Brian menghadiri meeting di perusahaannya hingga jam 2 siang tanpa istirahat makan siang.
" Saya tunggu laporan kalian besok pagi! Yang ingin mundur segera datang ke lantai 3!" ucap Brian tegas yang dibarengi dengan kepergiannya dari ruang meeting diikuti Danis yang melongo melihat sikap arogan Bosnya. Seketika ruangan menjadi gaduh, karena belum pernah Bosnya menyuruh mereka membuat laporan bulanan dalam satu hari saja. Danis merasa kasihan dengan teman sejawatnya, tapi tidak ada yang berani memprotes bahkan melawan Brian dalam mengambil suatu keputusan.

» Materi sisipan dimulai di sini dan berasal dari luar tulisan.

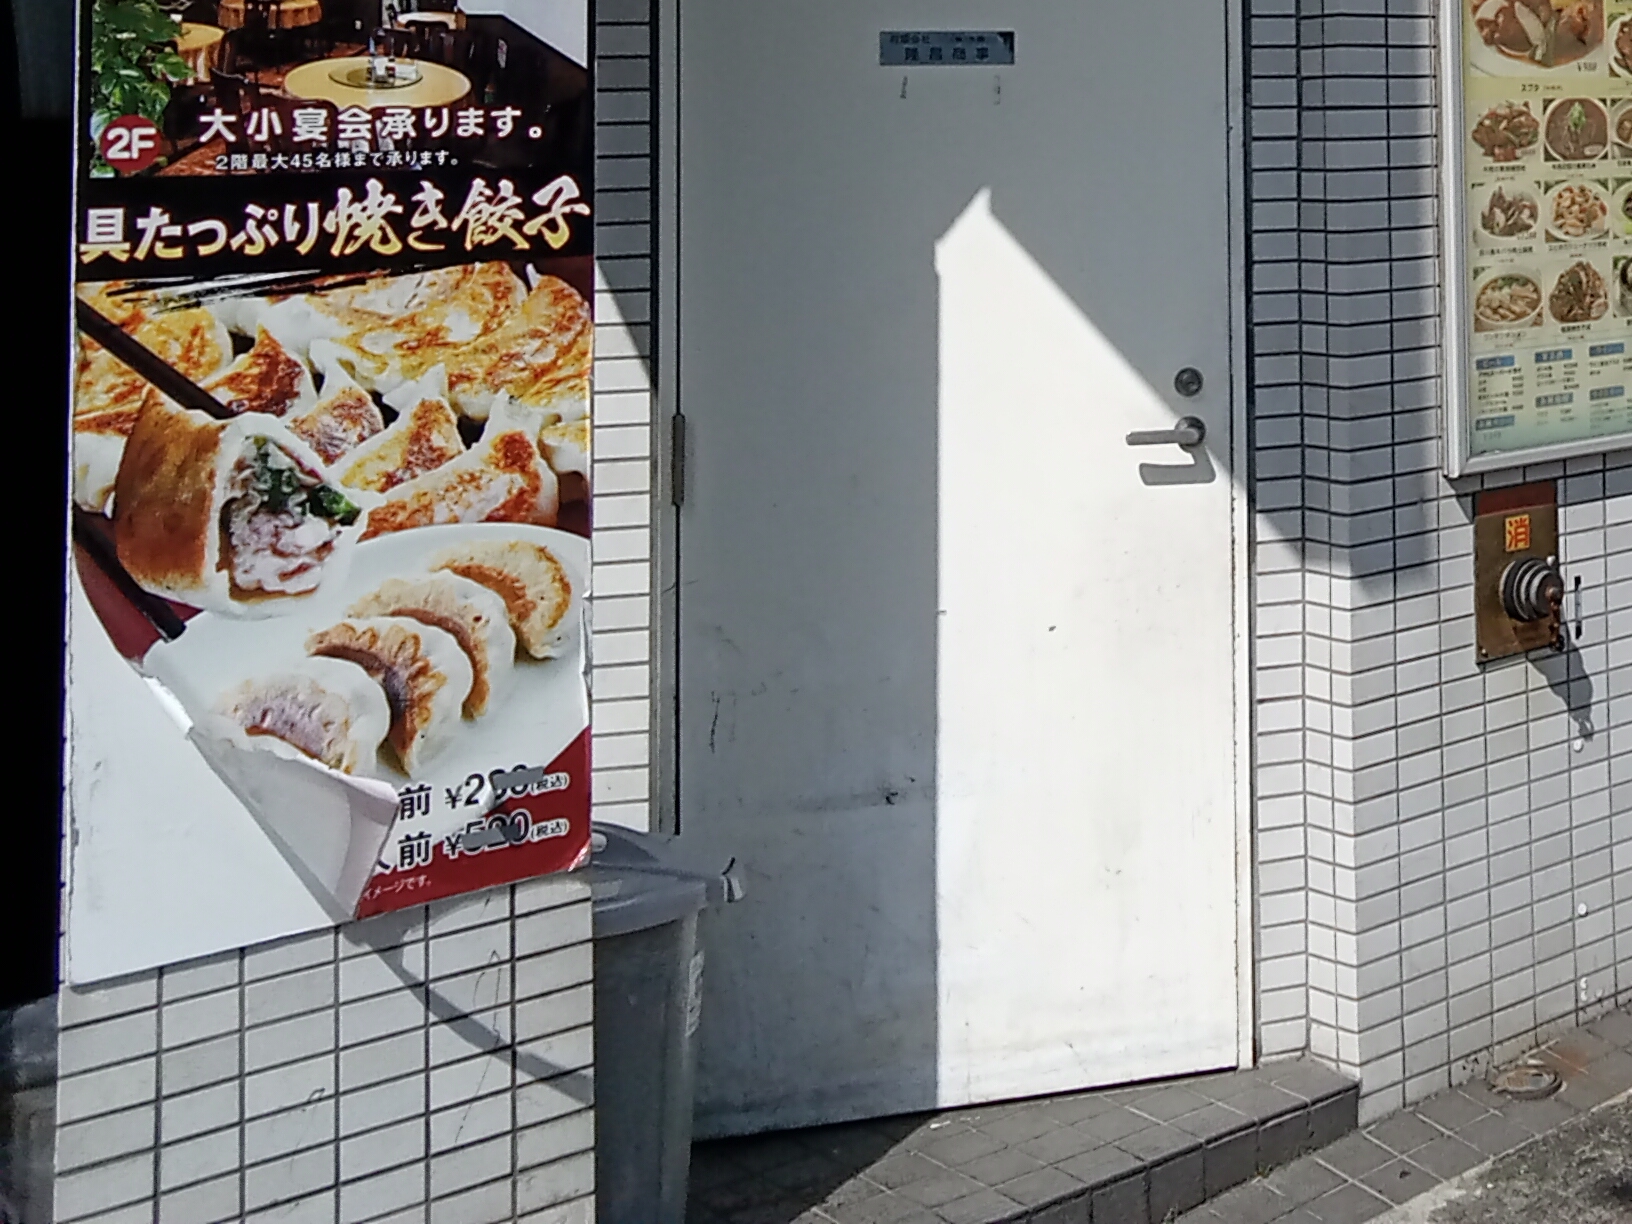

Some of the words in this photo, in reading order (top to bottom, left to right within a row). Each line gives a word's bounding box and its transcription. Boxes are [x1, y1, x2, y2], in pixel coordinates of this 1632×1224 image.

[200, 106, 542, 143] 大小宴会承ります。
[106, 126, 158, 160] 2F
[214, 149, 460, 171] 2階最大45名様まで承ります。
[1508, 517, 1530, 549] 消

" Bos! Nyonya bagaimana?" tanya Danis smbil berjalan dibelakang Brian, dia khawatir jika istri Bosnya itu akan menunggu di sekolah.

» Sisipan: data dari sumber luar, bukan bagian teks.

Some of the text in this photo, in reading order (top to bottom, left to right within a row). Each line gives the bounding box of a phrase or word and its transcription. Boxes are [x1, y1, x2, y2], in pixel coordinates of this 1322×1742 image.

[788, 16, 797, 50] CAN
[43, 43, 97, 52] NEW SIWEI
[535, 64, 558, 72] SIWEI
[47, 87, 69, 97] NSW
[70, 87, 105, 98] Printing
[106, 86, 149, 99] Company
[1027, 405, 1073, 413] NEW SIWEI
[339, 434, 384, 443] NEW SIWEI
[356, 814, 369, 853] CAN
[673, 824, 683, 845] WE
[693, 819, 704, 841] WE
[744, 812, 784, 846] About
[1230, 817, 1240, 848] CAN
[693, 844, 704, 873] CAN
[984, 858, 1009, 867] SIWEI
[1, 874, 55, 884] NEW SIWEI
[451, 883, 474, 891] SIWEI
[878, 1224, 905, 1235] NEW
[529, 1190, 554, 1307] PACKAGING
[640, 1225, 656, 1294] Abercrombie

" Kita pergi ke bandara!" jawab Brian. Keburukan Brian adalah dia tidak akan menghiraukan atau perduli dengan orang yang telah mengabaikan perintahnya, walau itu mamanya sendiri.
Fatma duduk di kursi taman di dekat halaman sekolah. Sekolah telah sepi, hanya ada penjaga sekolah dan beberapa guru yang sedang membuat bahan pelajaran untuk siswanya.

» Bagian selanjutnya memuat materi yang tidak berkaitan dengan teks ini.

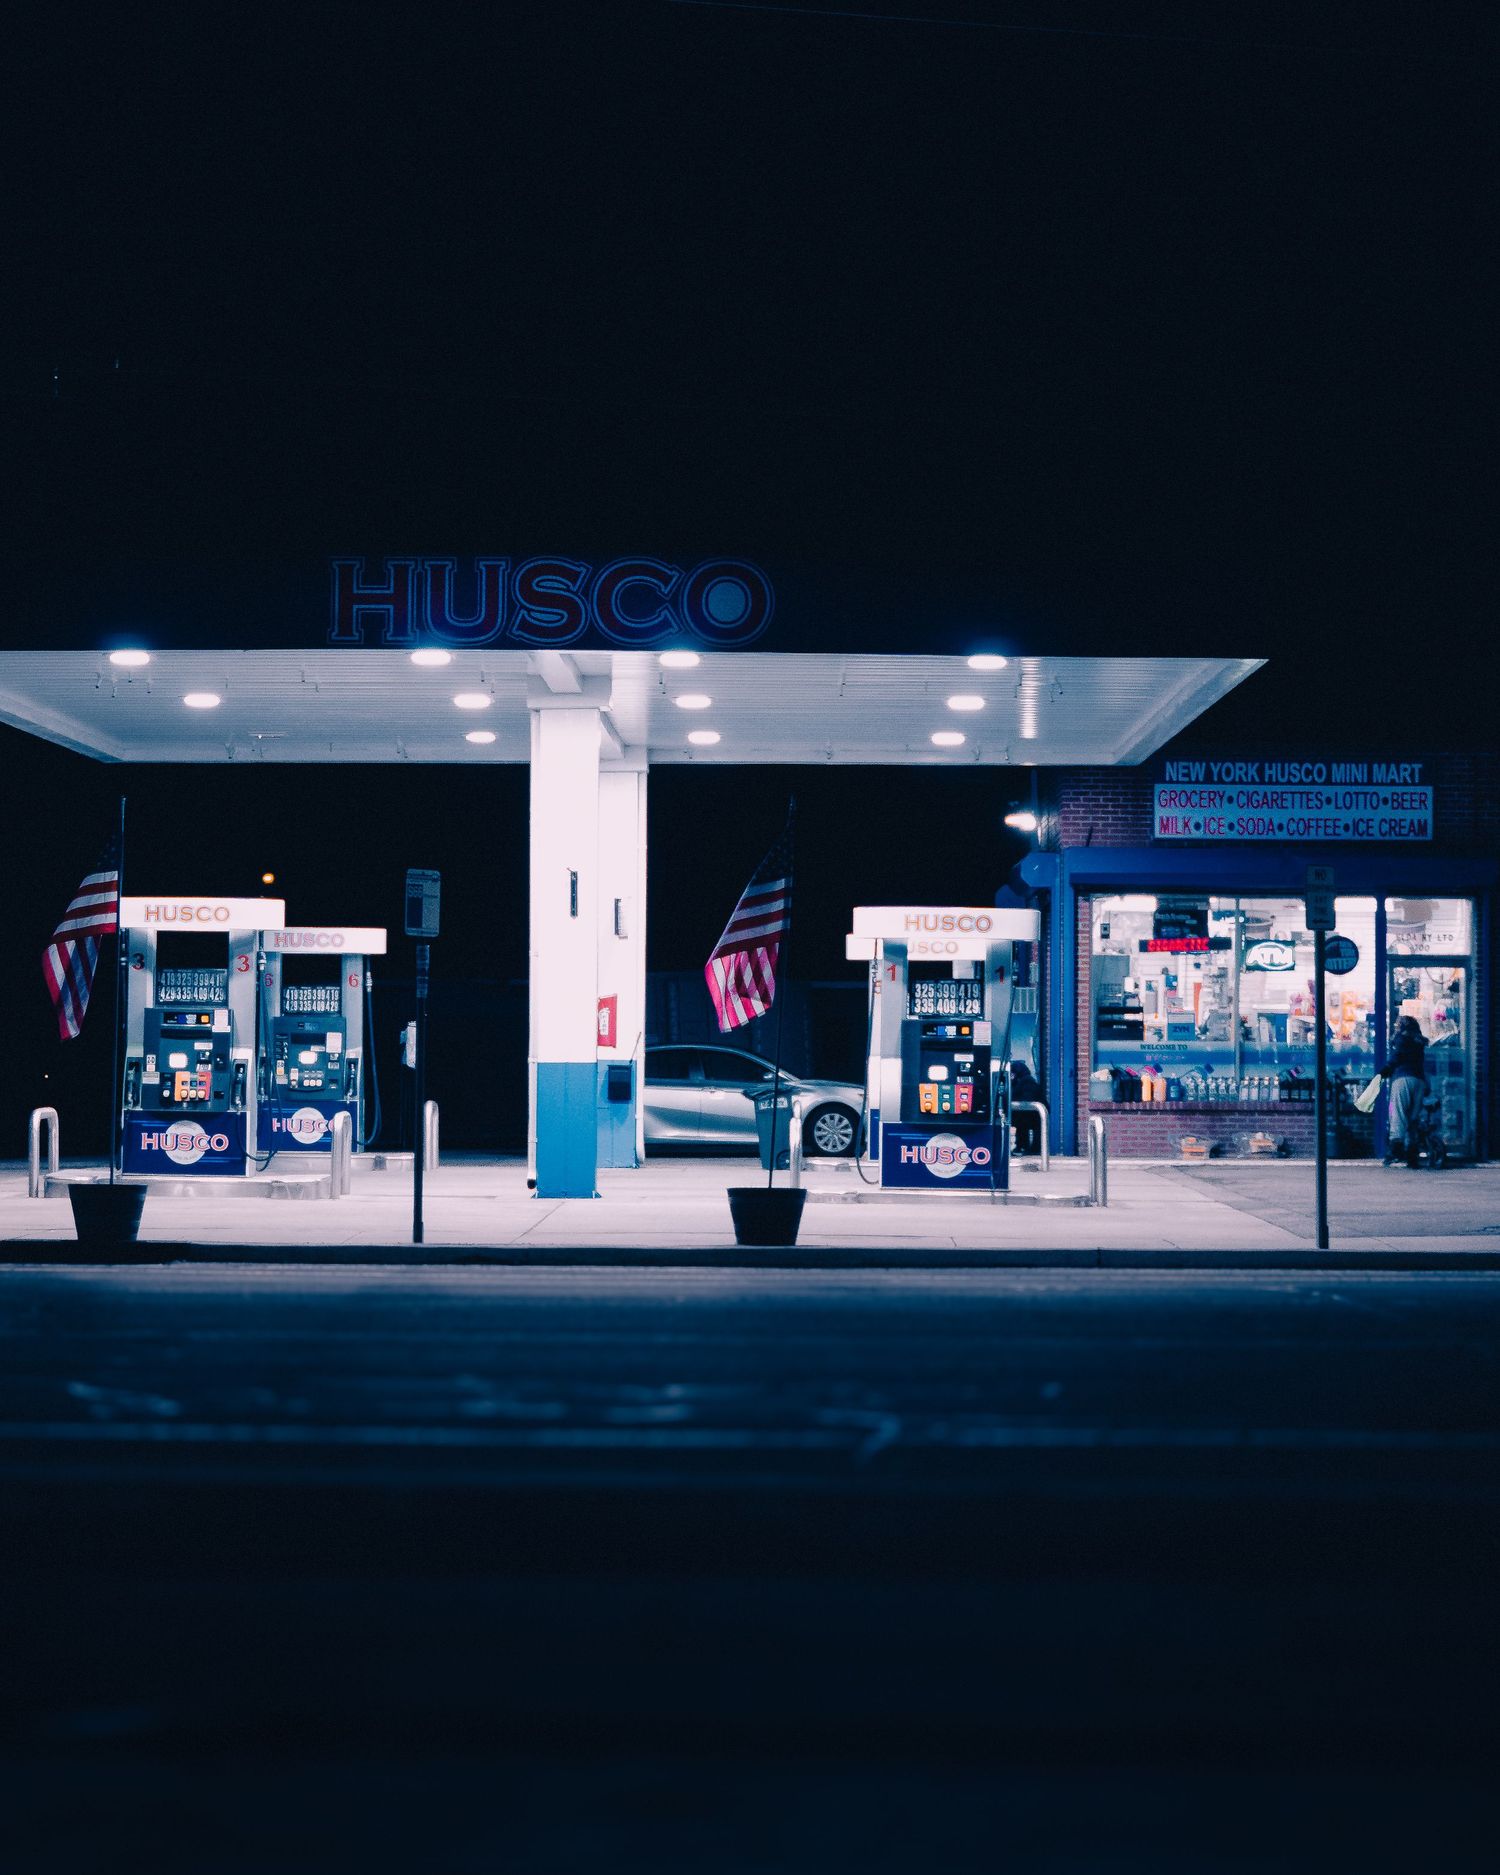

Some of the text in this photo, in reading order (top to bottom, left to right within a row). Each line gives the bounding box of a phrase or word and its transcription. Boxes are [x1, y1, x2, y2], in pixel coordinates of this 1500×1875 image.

[328, 556, 776, 647] HUSCO
[1165, 762, 1424, 784] NEW YORK HUSCO MINI MART
[1158, 789, 1429, 811] GROCERY CIGARETTES LOTTO BEER
[1159, 816, 1429, 838] MILK ICE SODA COFFEE ICE CREAM
[144, 904, 231, 923] HUSCO
[905, 913, 993, 933] HUSCO
[273, 932, 345, 949] HUSCO
[132, 952, 146, 971] 3
[237, 953, 250, 973] 3
[1246, 946, 1293, 966] ATM
[348, 973, 359, 988] 6
[886, 963, 897, 982] 1
[994, 966, 1004, 984] 1
[1140, 1043, 1176, 1051] WELCOME
[141, 1132, 230, 1152] HUSCO
[901, 1145, 991, 1165] HUSCO

" Ustadzah Zahirah!" sapa Harun yang akan pulang.
" Ustadz Harun!" sahut Fatma tersenyum.
" Apa belum dijemput?" tanya Harun merasa kasihan melihat orang yang dicintainya duduk sendiri menunggu jemputan.
" Sebentar lagi, Ustadz! Masih perjalanan!" jawab Fatma berbohong. Astaghfirullah! Aku belum pernah berbohong kepada siapapun, tapi sejak menikah dengan Brian, kenapa aku harus melakukan itu? Meskipun yang kulakukan adalah untuk kebaikan, tetap saja namanya bohong! batin Fatma sedih.
" Saya temani, ya!" ucap Harun.
" Trima kasih! Nggak perlu, Ustadz! Silahkan pulang dulu!" jawab Fatma sambil merapatkan bibirnya. Harun kecewa mendengar jawaban Fatma.
" Baiklah, saya pamit! Assalamu'alaikum!" pamit Harun. Dari luar sekolah sepasang mata melihat mereka dengan tatapan tajam dan tangan mengepal hingga menampakkan telapak tangannya memutih karena kukunya. Wajah pria itu menggelap dan giginya bergemeretak.
" Jalan!" ucap pria tersebut yang ternyata Brian.